Would you reproduce each line below exactly, leaving every picture out?

==========

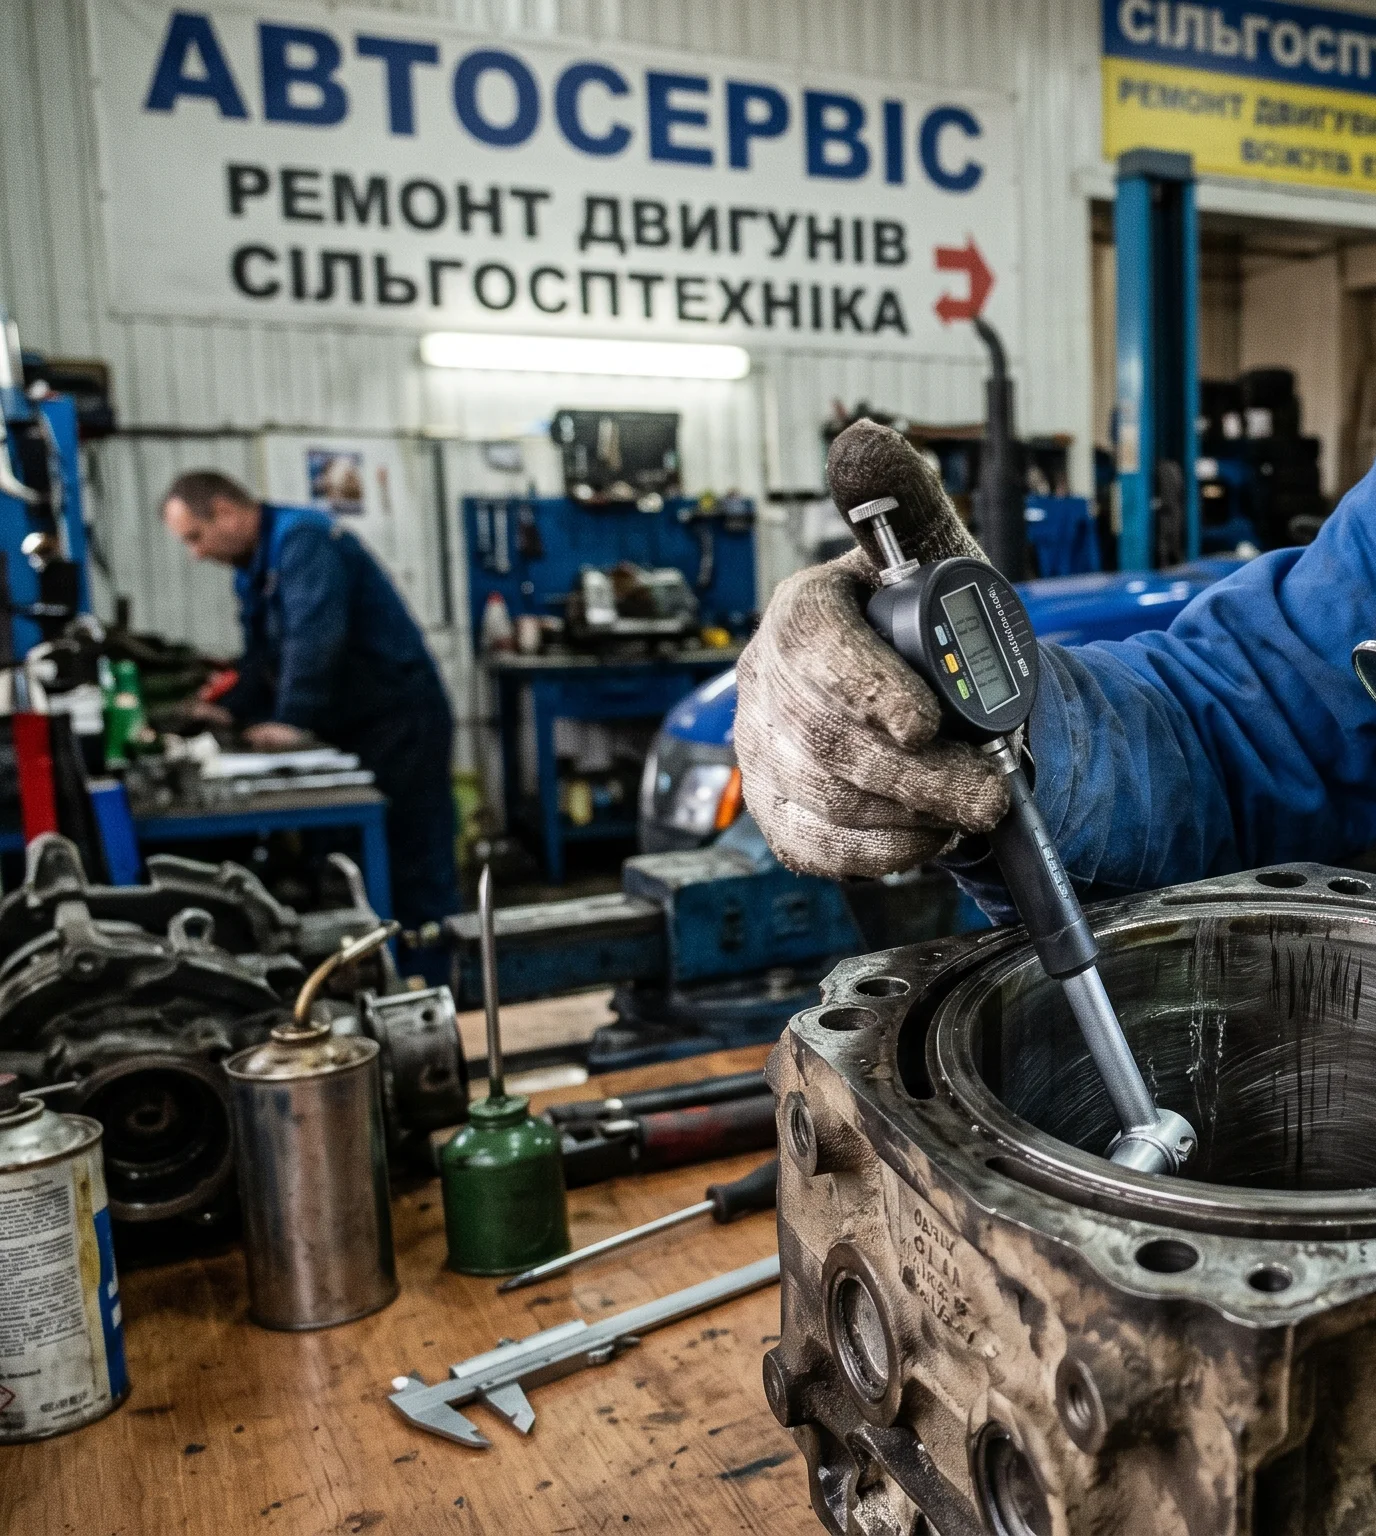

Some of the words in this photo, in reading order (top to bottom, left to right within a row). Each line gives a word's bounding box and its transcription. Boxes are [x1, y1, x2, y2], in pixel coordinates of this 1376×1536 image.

[143, 8, 984, 193] АВТОСЕРВІС
[226, 162, 550, 240] РЕМОНТ
[579, 195, 909, 268] ДВИГУНІВ
[230, 242, 910, 337] СІЛЬГОСПТЕХНІКА
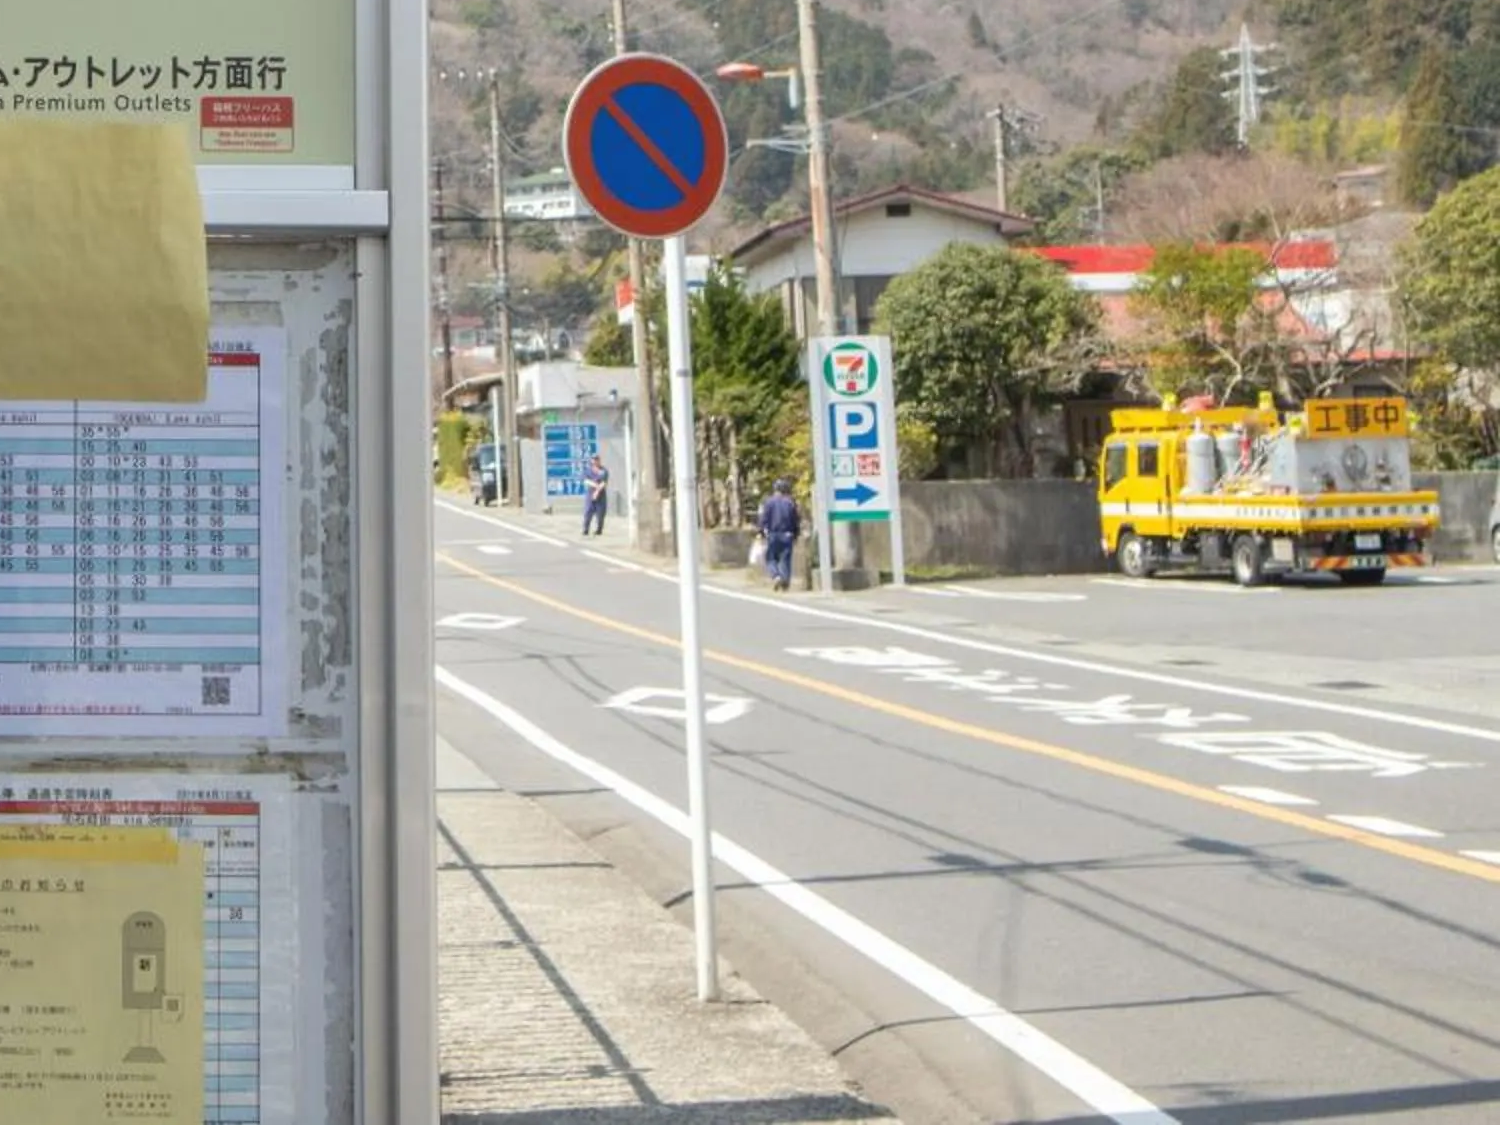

==========

- [Problem solution]:
Some of the words in this photo, in reading order (top to bottom, left to right within a row). Each line gives a word's bounding box and its transcription. Boxes are [x1, y1, x2, y2], in pixel coordinates of this 1376×1536 image.

[143, 8, 984, 193] АВТОСЕРВІС
[226, 162, 550, 240] РЕМОНТ
[579, 195, 909, 268] ДВИГУНІВ
[230, 242, 910, 337] СІЛЬГОСПТЕХНІКА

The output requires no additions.